In this B-Side episode, Jerwin Baure, a marine science researcher, discusses with BusinessWorld reporter Sheldeen Talavera how Manila Bay has changed over the years and how it can be restored. 

“I think people do not realize that Manila Bay is actually a big body of water. It’s not just the sea that’s located along the Roxas Boulevard. But actually, Manila Bay is a big body of water off the coast of Bataan,” Mr. Baure said.

“There are still a lot of marine organisms found there like crabs, fish, and other kinds of marine ecosystems that can be found in the country,” he said. 

The Supreme Court issued a ruling on Manila Bay in 2018, directing 13 government agencies to clean up, rehabilitate, and preserve it, as well as restore and maintain its waters to a level suitable for swimming, skin diving, and other recreational activities. 

According to Mr.
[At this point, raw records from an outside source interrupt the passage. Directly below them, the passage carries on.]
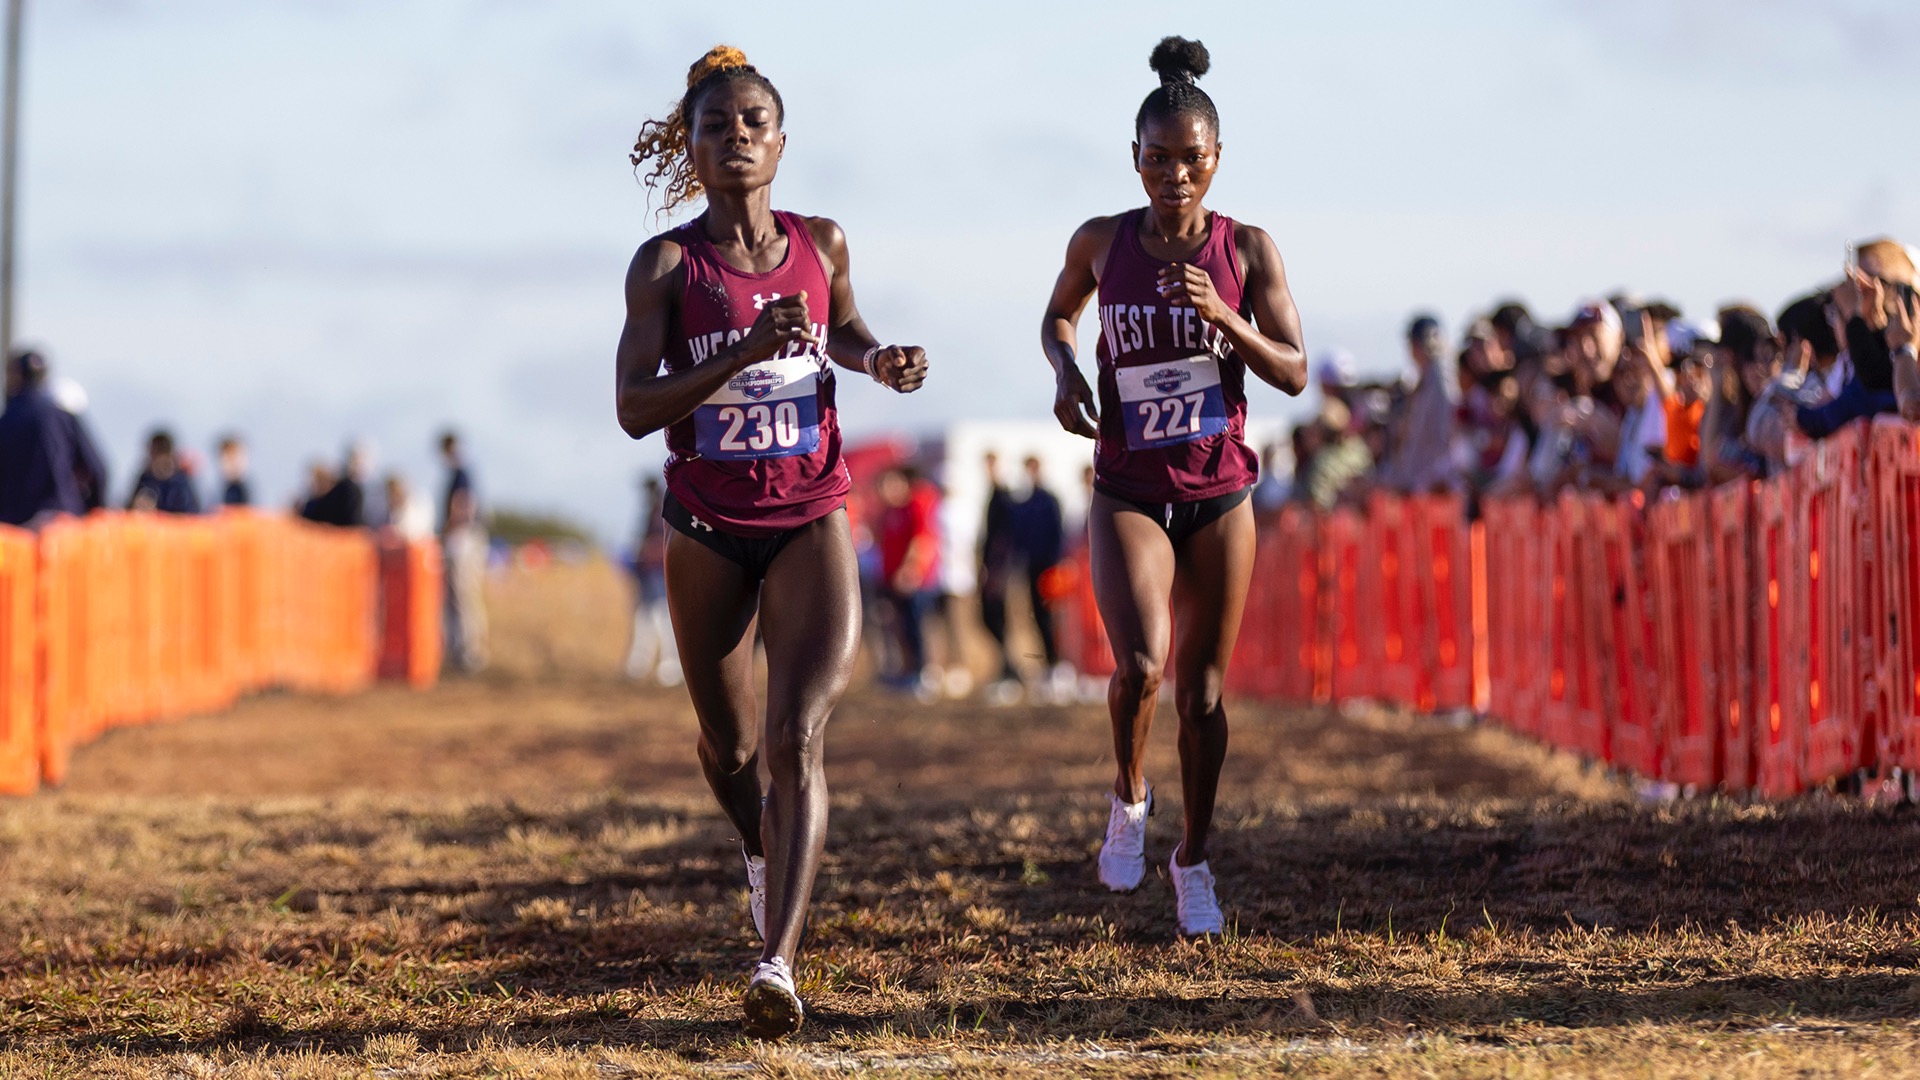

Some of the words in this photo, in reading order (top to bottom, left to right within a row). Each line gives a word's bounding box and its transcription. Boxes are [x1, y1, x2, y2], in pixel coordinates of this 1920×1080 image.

[1101, 304, 1156, 359] WEST
[718, 402, 799, 450] 230
[1139, 391, 1205, 440] 227
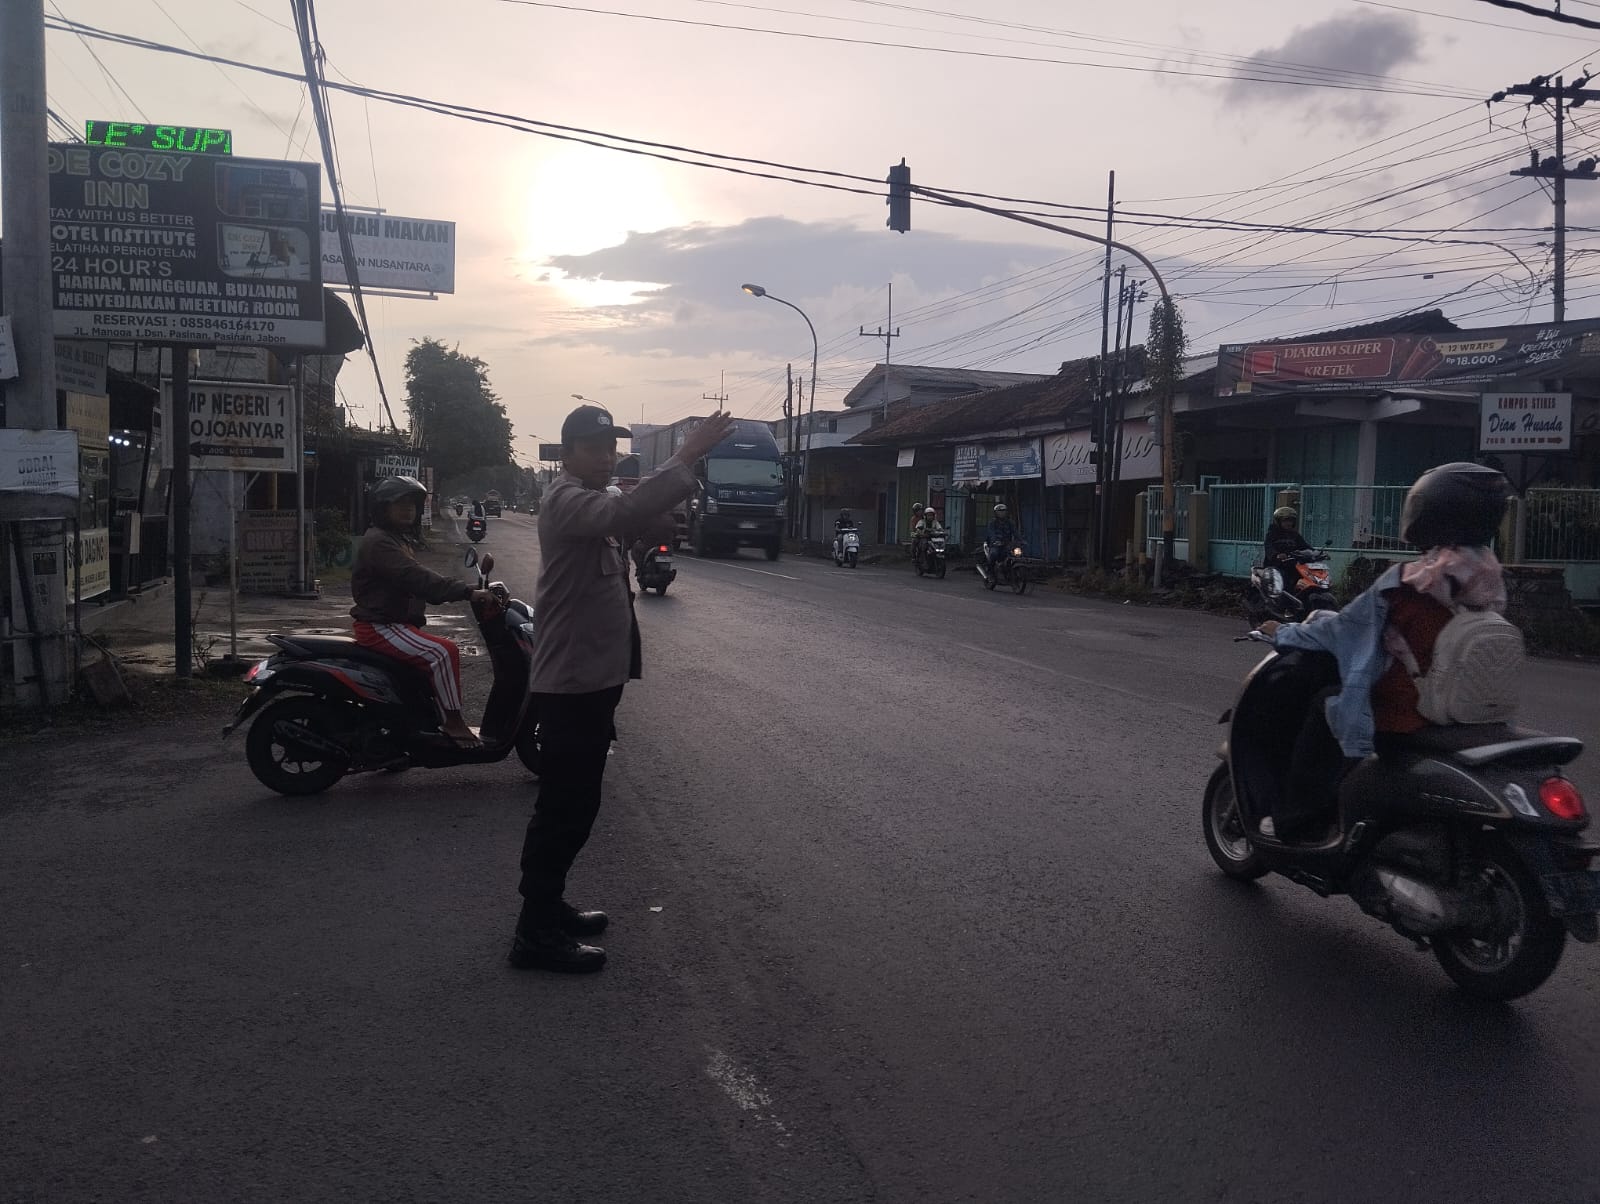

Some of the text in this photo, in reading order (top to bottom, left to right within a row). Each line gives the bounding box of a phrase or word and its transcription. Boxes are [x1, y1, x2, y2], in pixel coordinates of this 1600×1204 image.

[48, 149, 191, 182] DE COZY
[84, 180, 149, 209] INN
[77, 209, 113, 221] WITH
[117, 211, 136, 222] US
[139, 213, 194, 226] BETTER
[384, 219, 449, 243] MAKAN
[112, 245, 196, 259] PERHOTELAN
[52, 256, 172, 277] 24 HOUR'S
[368, 258, 432, 273] NUSANTARA
[58, 276, 297, 300] HARIAN, MINGGUAN, BULANAN
[58, 292, 300, 317] MENYEDIAKAN MEETING ROOM
[93, 314, 168, 327] RESERVASI
[179, 317, 275, 332] 085846164170
[73, 326, 89, 336] JL.
[257, 333, 286, 344] Jabon
[1338, 342, 1382, 355] SUPER
[1448, 341, 1495, 353] 12 WRAPS
[1304, 364, 1355, 377] KRETEK
[1446, 357, 1455, 366] Rp
[211, 393, 270, 417] NEGERI
[276, 396, 284, 417] 1
[190, 419, 285, 440] OJOANYAR
[1488, 412, 1563, 433] Dian Husada
[376, 466, 417, 478] JAKARTA
Baure, one way of doing this is by planting mangroves. 

Historically, there were around 500,000 hectares of mangroves all over the country, but they have been declining since the 1900s, primarily due to conversion into fishponds, he said. 
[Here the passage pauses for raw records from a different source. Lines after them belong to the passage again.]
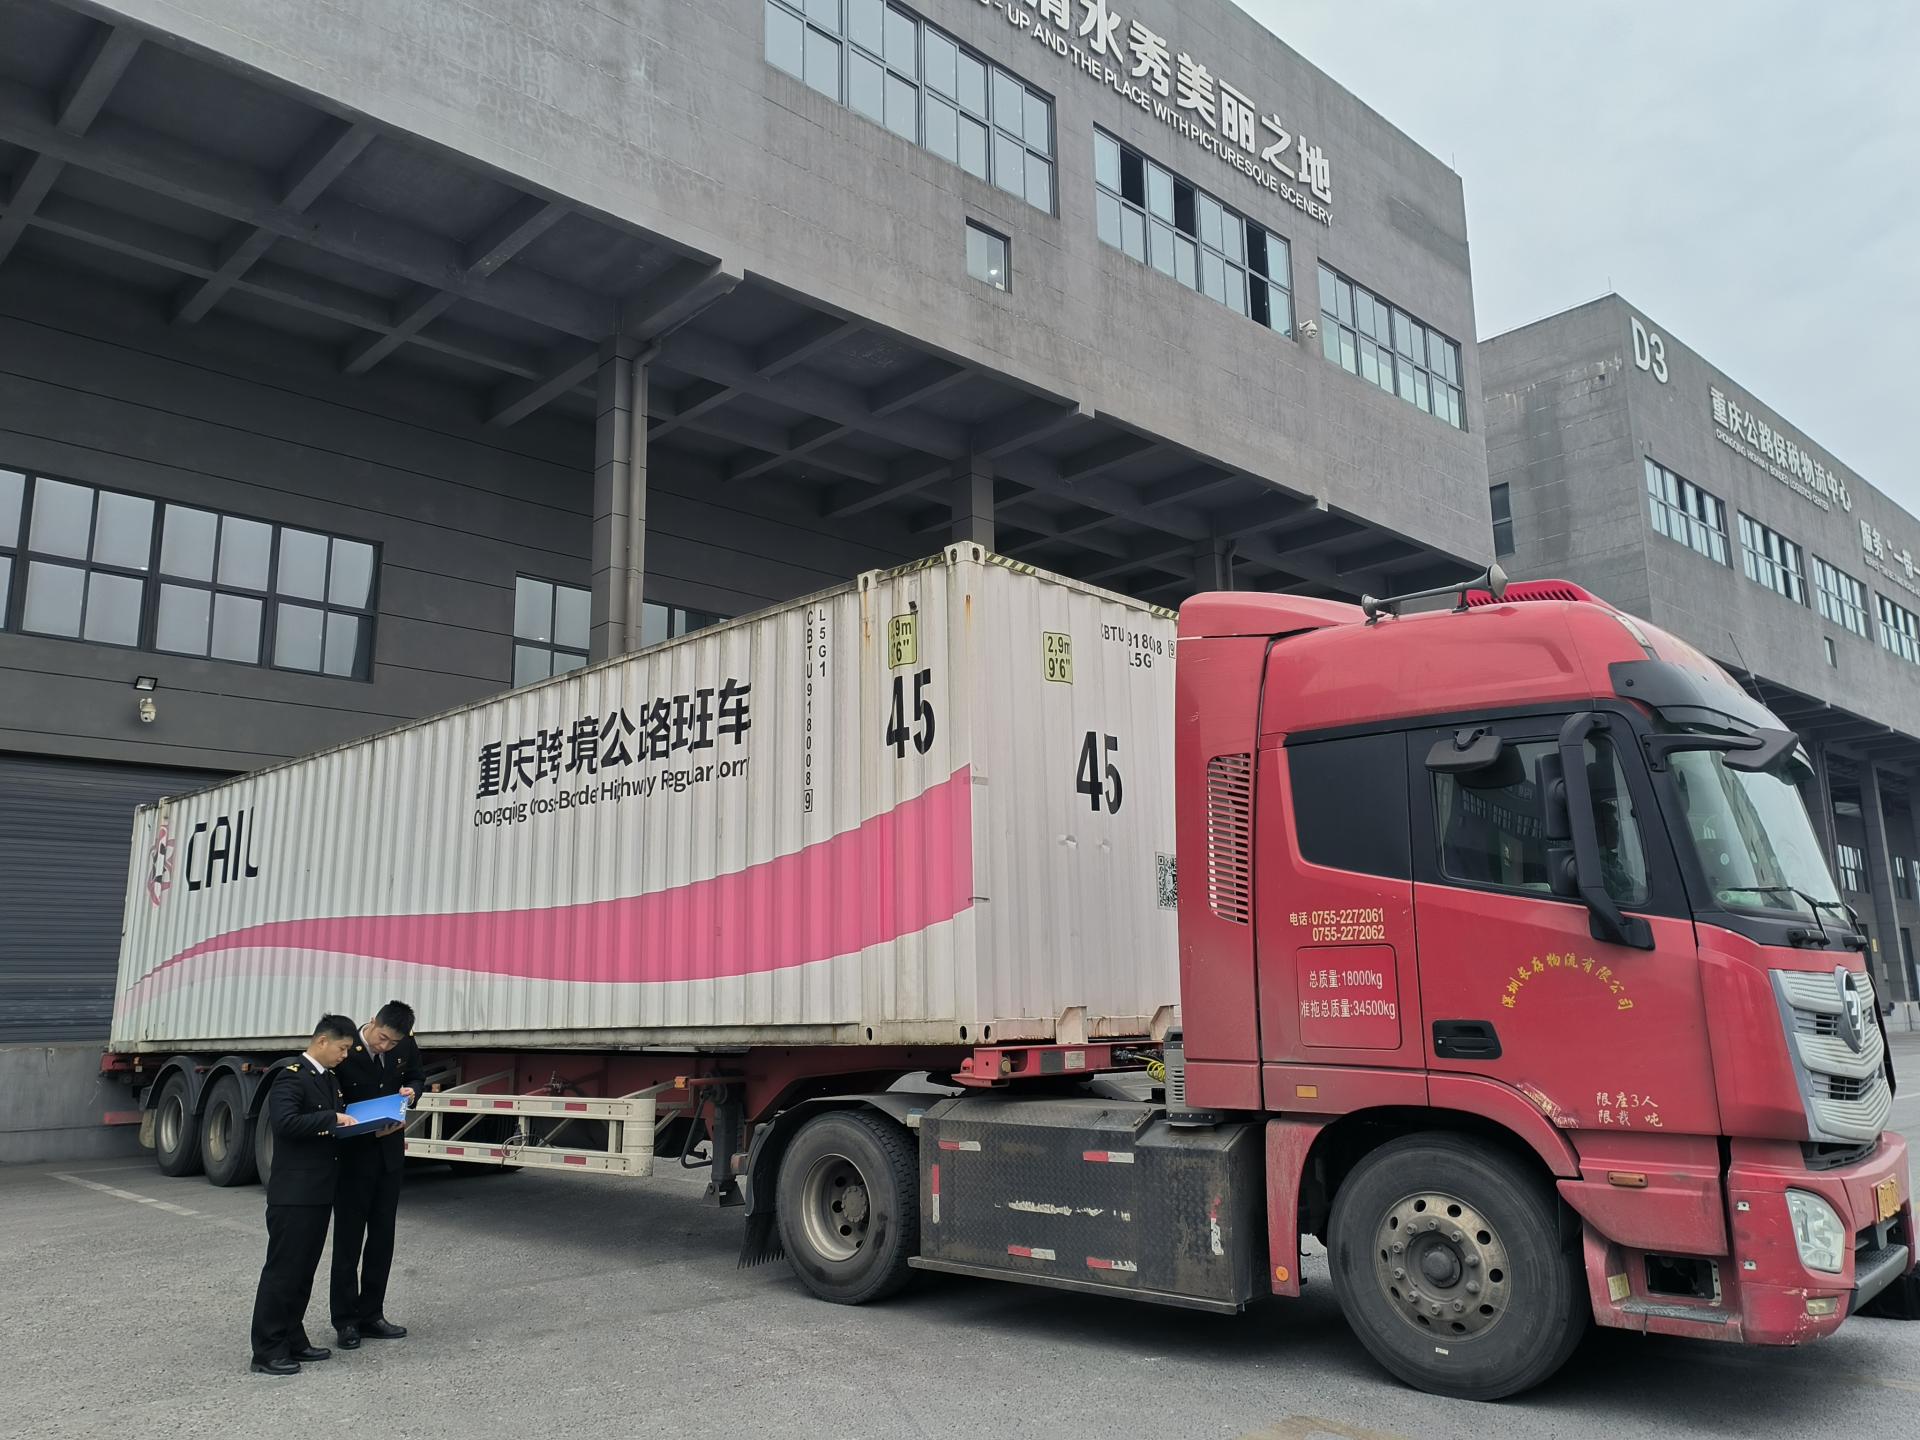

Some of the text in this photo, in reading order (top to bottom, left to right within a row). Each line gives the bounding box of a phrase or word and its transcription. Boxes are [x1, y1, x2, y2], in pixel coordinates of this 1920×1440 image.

[1033, 23, 1068, 56] AND
[1070, 45, 1101, 79] THE
[1104, 67, 1151, 112] PLACE
[1153, 99, 1188, 136] WITH
[1190, 124, 1278, 192] PICTURESQUE
[1280, 183, 1333, 226] SCENERY
[1631, 316, 1668, 383] D3
[1710, 386, 1852, 512] 重庆公路保税物流中心
[818, 609, 826, 678] L5G1
[476, 678, 752, 799] 重庆跨境公路班车
[886, 668, 935, 758] 45
[1076, 731, 1123, 815] 45
[1312, 925, 1385, 941] 0755-2272062
“Mangroves were historically found all over Manila Bay, and these trees can serve as nursery grounds for fish. They provide habitats for many species and they can also provide natural protection against storm surges,” Mr. Baure said. 

“They can also improve the water quality because mangroves can filter out pollution coming from the land and, also, they serve as habitat for migratory birds,” he added. 

In August, President Ferdinand R. Marcos, Jr., issued a verbal order for the suspension of 22 reclamation projects in Manila Bay, pending a review of their environmental and social impacts. 

The Department of Environment and Natural Resources is working on a cumulative impact assessment with a team of scientists consisting of physical and chemical oceanographers, fishery specialists, marine biologists, and engineers. 

“When we discuss the benefits…, we also need to ask who benefits from these projects. Will it be the private investors? Or will it really [truly care about] marginalized people, since if reclamation projects continue, fishermen will lose their livelihood,” Mr. Baure said.